The controversy started over the selection of a new biology textbook, which was opposed by the person in charge of the curriculum. “He cited sixteen mentions of Darwin and Darwin’s theories in a 1,400-page textbook,” said Carol Brown, “and he said that he would not present it to the board for approval, and he thought that we should look further.” Brown was surprised at the decision, because “at no point in the textbook, in no chapter of the textbook, is there
any mention of the so-called controversial theory of the descent of man, which Darwin promulgated. The discussion centers about Darwin’s theory of natural selection, which is, in essence, survival of the fittest. If a species cannot adapt, then that species dies out. And that’s all we have ever taught in Dover, and that is what is mandated by the state curriculum.”

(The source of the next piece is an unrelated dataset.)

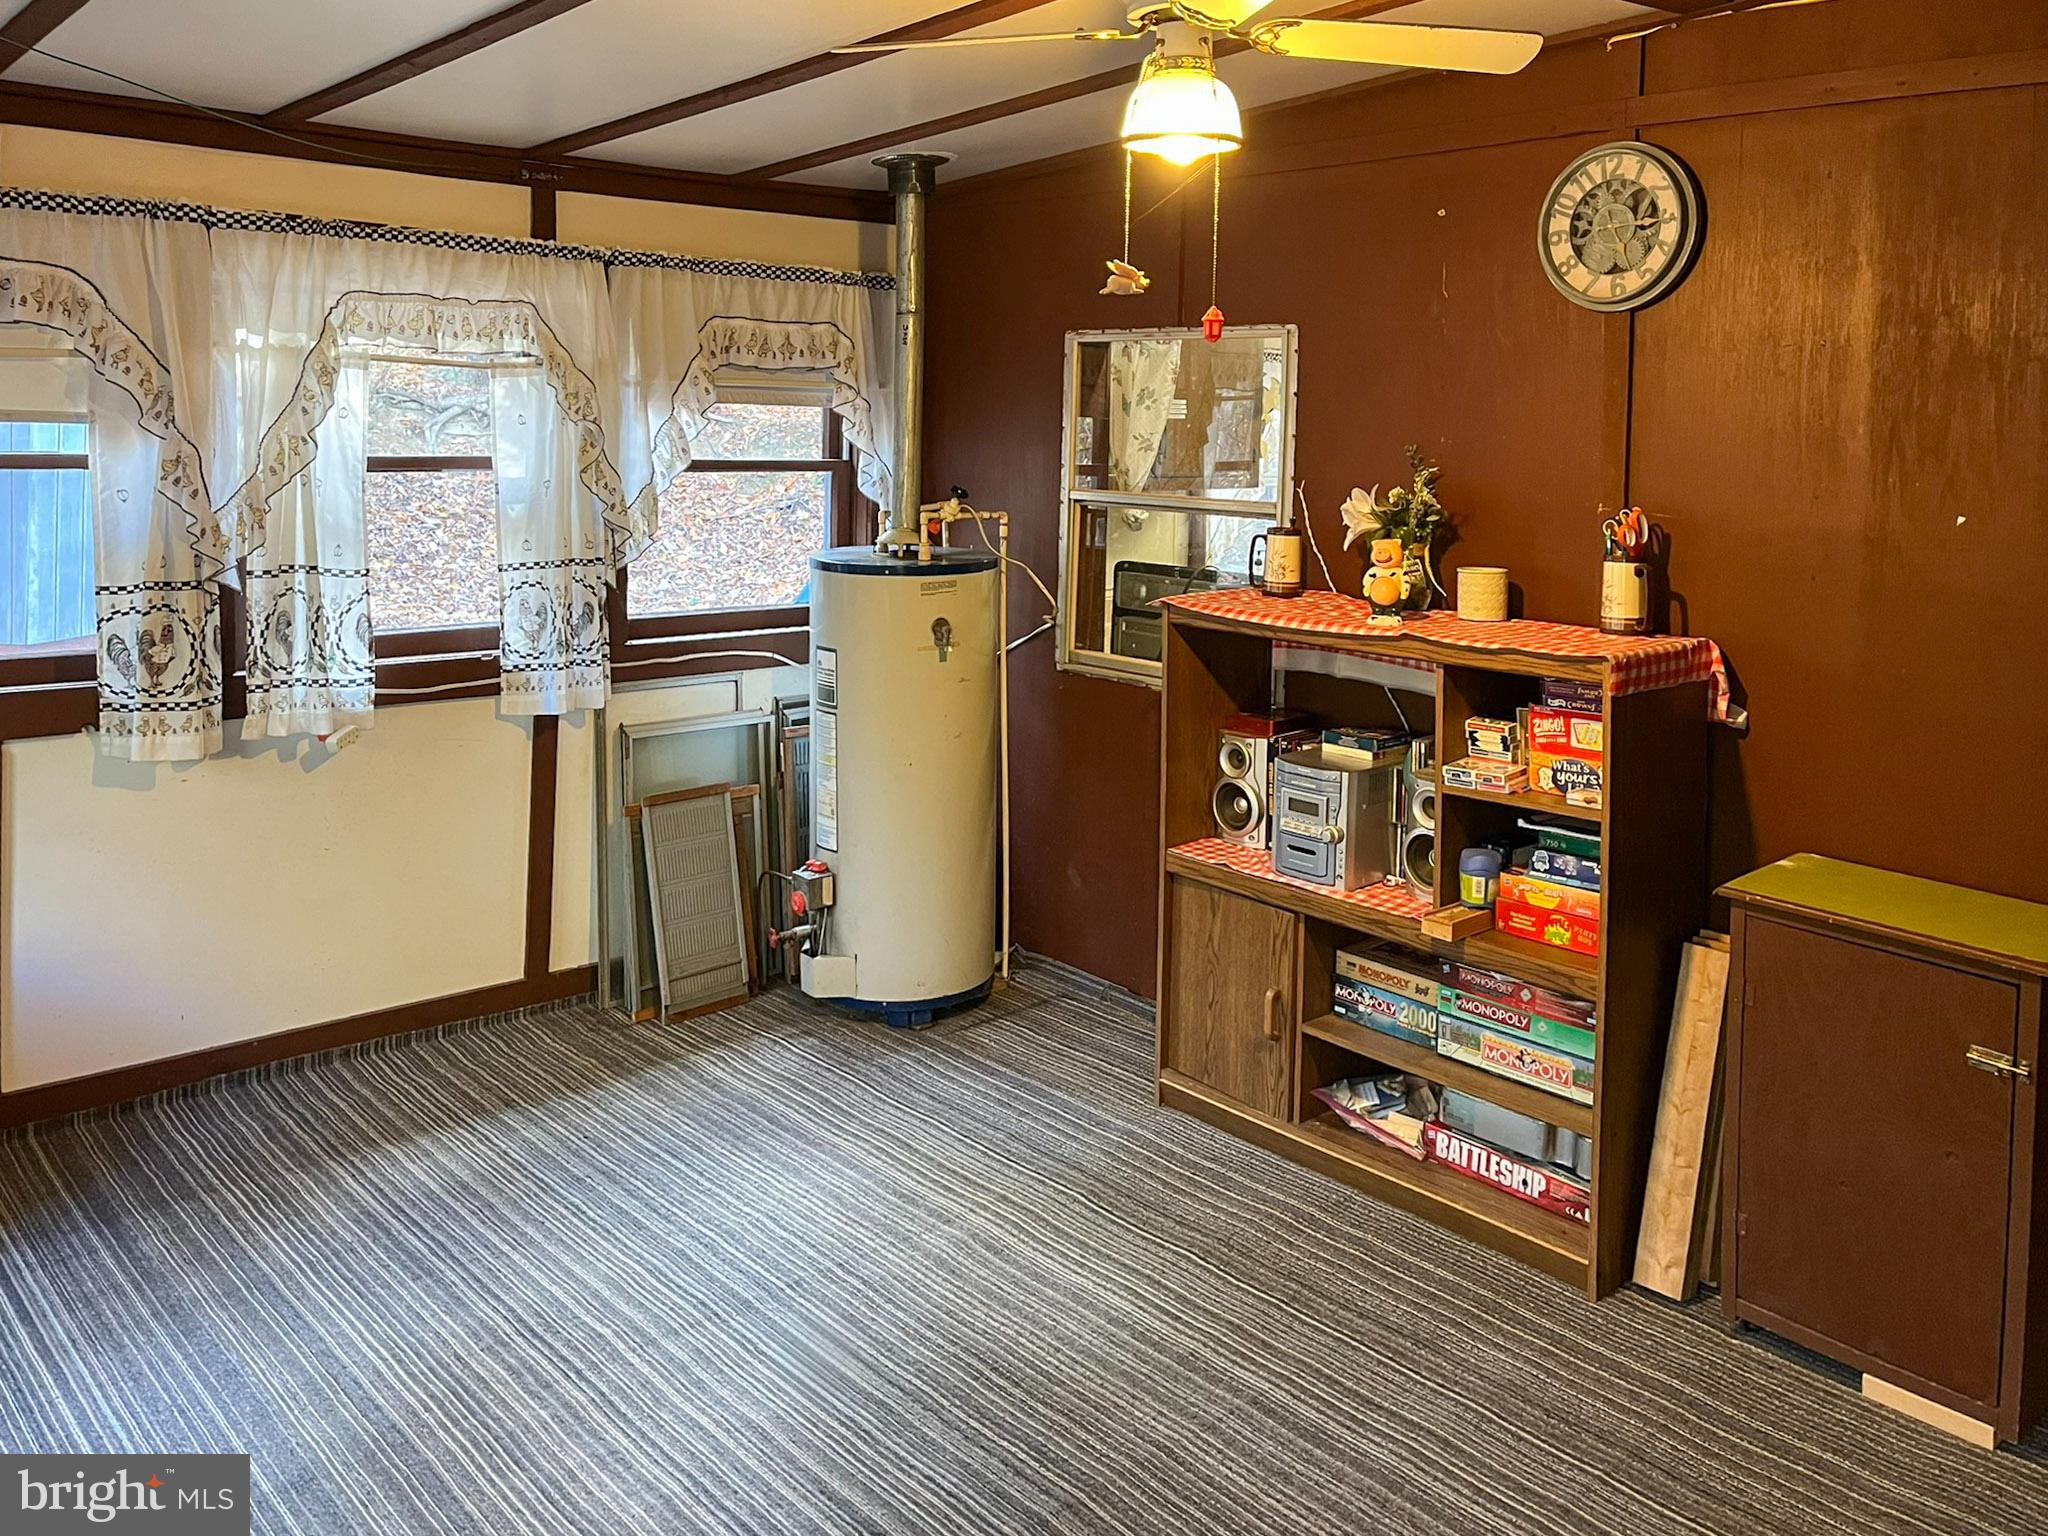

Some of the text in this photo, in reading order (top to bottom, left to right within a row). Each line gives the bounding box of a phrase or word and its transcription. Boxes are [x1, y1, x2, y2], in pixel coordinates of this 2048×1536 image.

Yet despite years of teaching Darwin, the school board was now deciding to eliminate the standard biology textbook and substitute it with a book called Of Pandas and People, which espouses the idea of intelligent design. “I see this as an attempt to put a specific religious viewpoint into the classroom that is contrary to the 1987 Supreme Court ruling.”

When Ms. Brown objected to the book, the school board frequently called her faith into question. “I would never presume to ask anyone what his or her faith is. That’s of no importance in serving on the school board. We’re there to represent all of the members of the community and all of our students, and that includes students of all faiths. And I was asked, actually, on three separate occasions whether or not I was a born-again Christian, whether I had been ‘saved.’ And although I didn’t go off in anger, I was very offended by that, because that is a matter between me and my God, if you will, and my pastor.”